Adventures in Medicare Part D.
I was on the phone with CVS specialty pharmacy and the Illinois retired teachers’ Aetna Medicare Advantage people for 90 minutes.
Since April I have been receiving Skyrizi infusions for my Crohn's Disease. The drug required pre-approval (another story for another time) and I was led to believe it was fully covered by my teacher retirement healthcare.
An infusion is done in a medical setting by IV, administered by a medical professional. After three infusions Skyrizi patients are then moved to OBI (on body injections). The drug is delivered by CVS specialty pharmacy to my home. After the first three infusions by a medical professional I inject myself with the same drug once every two months.
For the OBI Aetna charges a $100 co-pay. The main difference between the fully covered, no co-pay, procedure and the ones that come after is the address in which it takes place, who pushes the button, and how insurance codes it.
The first three are a medical procedure and the rest come under Medicare Part D.
This distinction is total bullshit.
Drugs given in a hospital or care facility are covered by Medicare Part A at no cost to the patient. The same drug taken at home comes under Part D and patient payment is required.
It’s a difference without a distinction.
In case you didn’t know, Medicare has been around since Lyndon Johnson in 1965.
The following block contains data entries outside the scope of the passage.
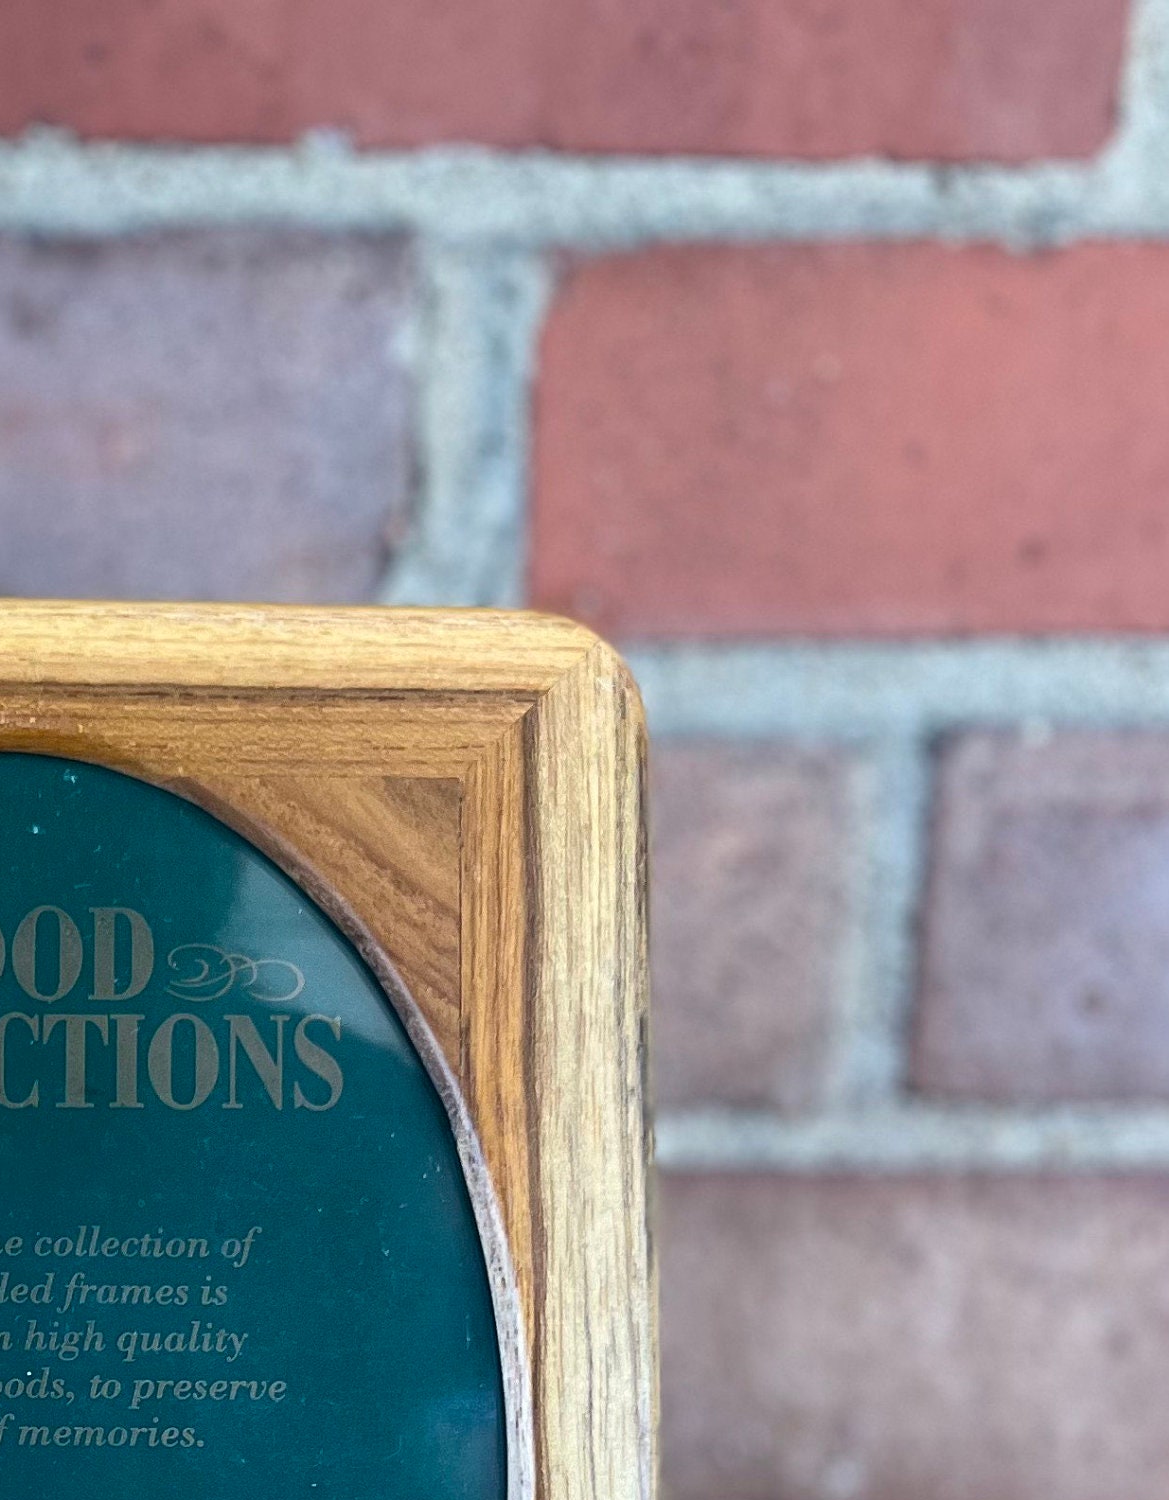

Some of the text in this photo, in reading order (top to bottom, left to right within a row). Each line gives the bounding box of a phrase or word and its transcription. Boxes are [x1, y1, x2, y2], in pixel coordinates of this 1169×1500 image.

[34, 1225, 210, 1258] collection
[220, 1226, 263, 1268] of
[56, 1272, 190, 1314] frames
[200, 1275, 229, 1305] is
[24, 1320, 106, 1362] high
[116, 1320, 249, 1363] quality
[89, 1374, 122, 1400] to
[128, 1379, 288, 1410] preserve
[18, 1416, 205, 1448] memories.
It took 40 years for the politicians in Washington thought to include a drug plan for seniors.
Part D was enacted as part of the Medicare Modernization Act of 2003 and went into effect on January 1, 2006. Under the program, drug benefits are provided by private insurance plans that receive premiums from both enrollees and the government.
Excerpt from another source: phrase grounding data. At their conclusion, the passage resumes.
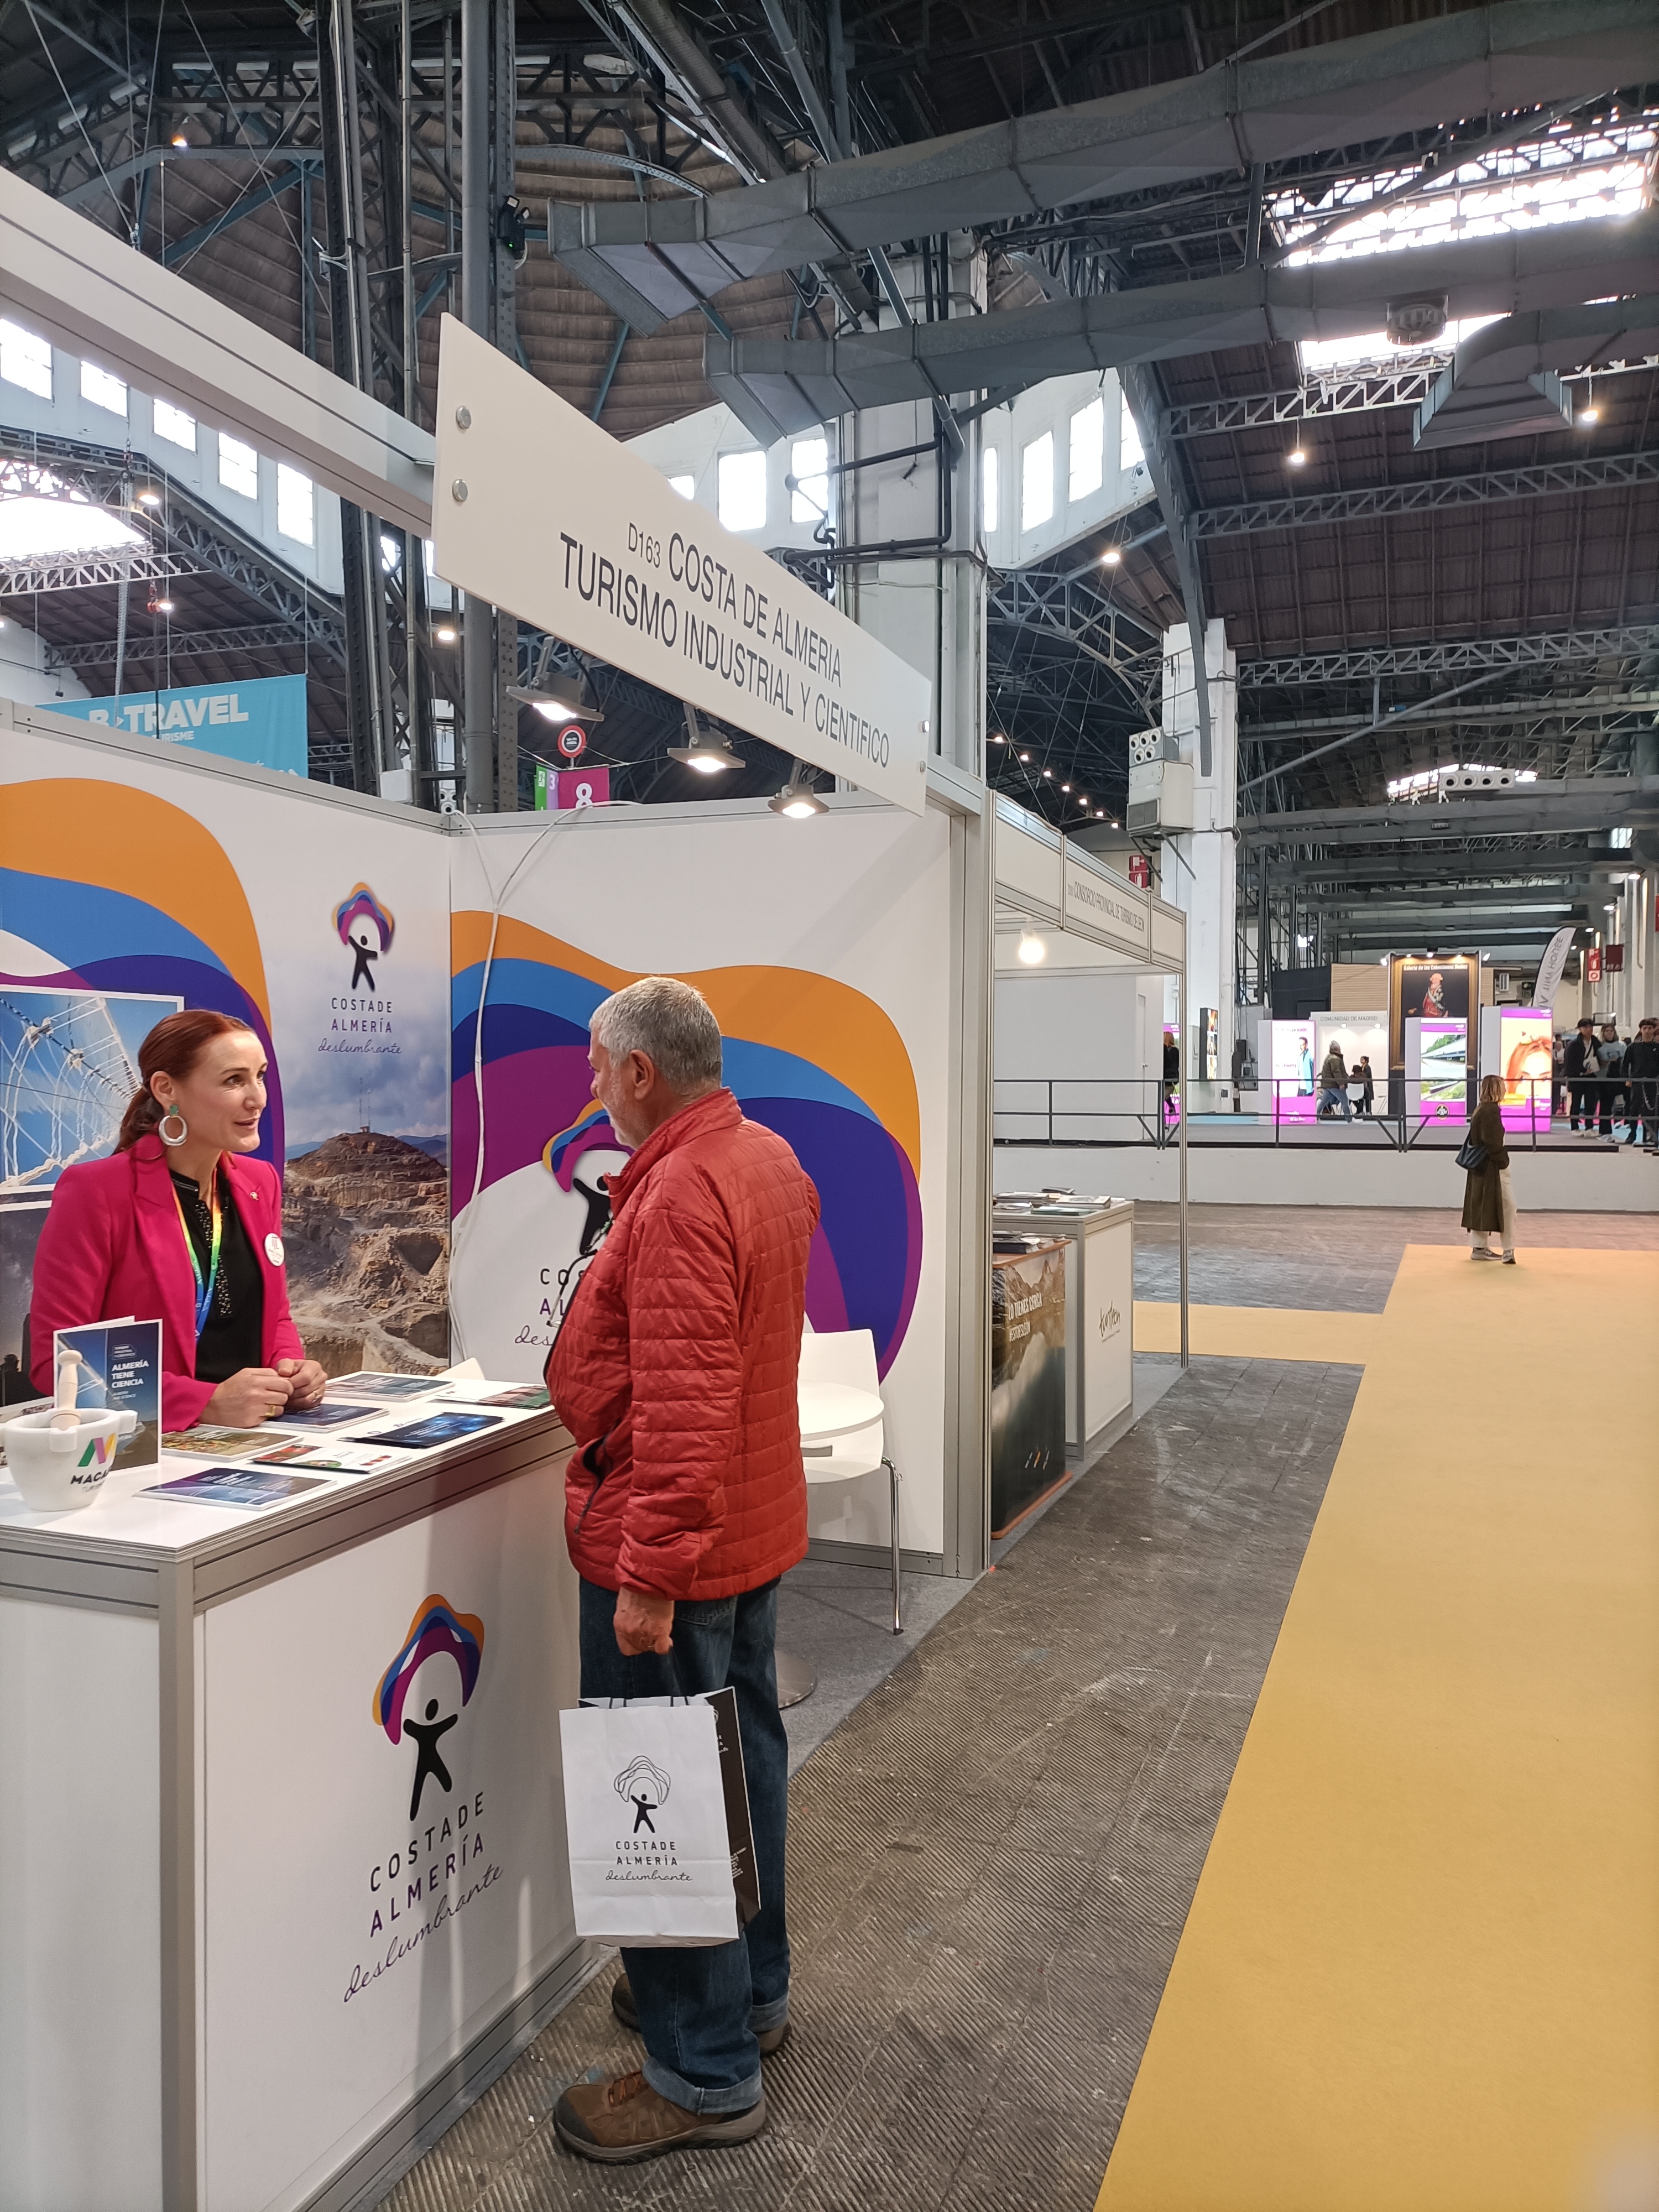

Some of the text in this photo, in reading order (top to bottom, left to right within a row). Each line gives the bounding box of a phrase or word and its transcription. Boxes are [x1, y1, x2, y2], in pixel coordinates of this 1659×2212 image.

[628, 521, 842, 688] D163 COSTA DE ALMERIA
[560, 531, 890, 768] TURISMO INDUSTRIAL Y CIENTIFICO
[549, 774, 556, 790] 3
[575, 782, 593, 809] 8
[331, 1017, 393, 1034] ALMERÍA
[317, 1037, 403, 1054] deslumbrante
[111, 1359, 149, 1372] ALMERÍA
[111, 1370, 135, 1380] TIENE
[111, 1378, 144, 1389] CIENCIA
[616, 1855, 678, 1866] ALMERÍA
[605, 1869, 693, 1882] deslumbrante
[370, 1832, 484, 1938] ALMERÍA
[343, 1863, 504, 2003] deslumbrante
It was one more giant gift to the healthcare insurance industry and Big Pharma.
I told the Aetna rep that I would gladly take the Skyrizi over to the infusion center and have a medicare professional press the button on the cartridge to inject me if it would save me the hundred dollar co-pay.
He didn't think that was amusing.
There has been much media coverage of President Biden’s picking just ten drugs that Medicare will be allowed to negotiate the price with the pharmaceutical companies.
The original Medicare Part D law prohibited the government from negotiating drug prices with Big Pharma.
Just ten drugs and not for several years. For those of us in our seventies and older, several years can be a lifetime.
Big Pharma has been crying tears about price negotiations, claiming it will mean they won’t make enough profits to do the research required for drug innovation.
Negotiating prices for 10 heavily used drugs, the government says it will save $160 billion over the next decade.
How this will save Medicare Part D recipients any money is not at all clear.
And Wall Street analysts see only a limited impact on drug company profits anyway.
Government savings are supposed to come out of drug company revenues, but it’s hard to find those revenue cuts in Wall Street’s forecasts.
Drug stocks were generally up on Tuesday, after the administration listed the first 10 products targeted for discounts under the 2022 Inflation Reduction Act.
Barron’s reports that Wall Street analysts believe that the program’s impact on drug sales during its first few years after 2026 will be limited. That’s because most of the 10 listed drugs have been on the market for over a decade and will soon be available as generics.
Another reason for Wall Street’s muted response is that the drug industry is asking courts to block the law’s price negotiations, in half a dozen federal suits. Any preliminary injunction by a court would likely happen before Oct. 1, when the law says the selected drug companies must begin bargaining on the price Medicare will pay in 2026.
Meanwhile I’ve appealed the co-pay charge for my at-home administering of Skyrizi and the representative from Aetna says that it might take several days to get back to me.
At least I don’t have to wait until 2026 for an answer.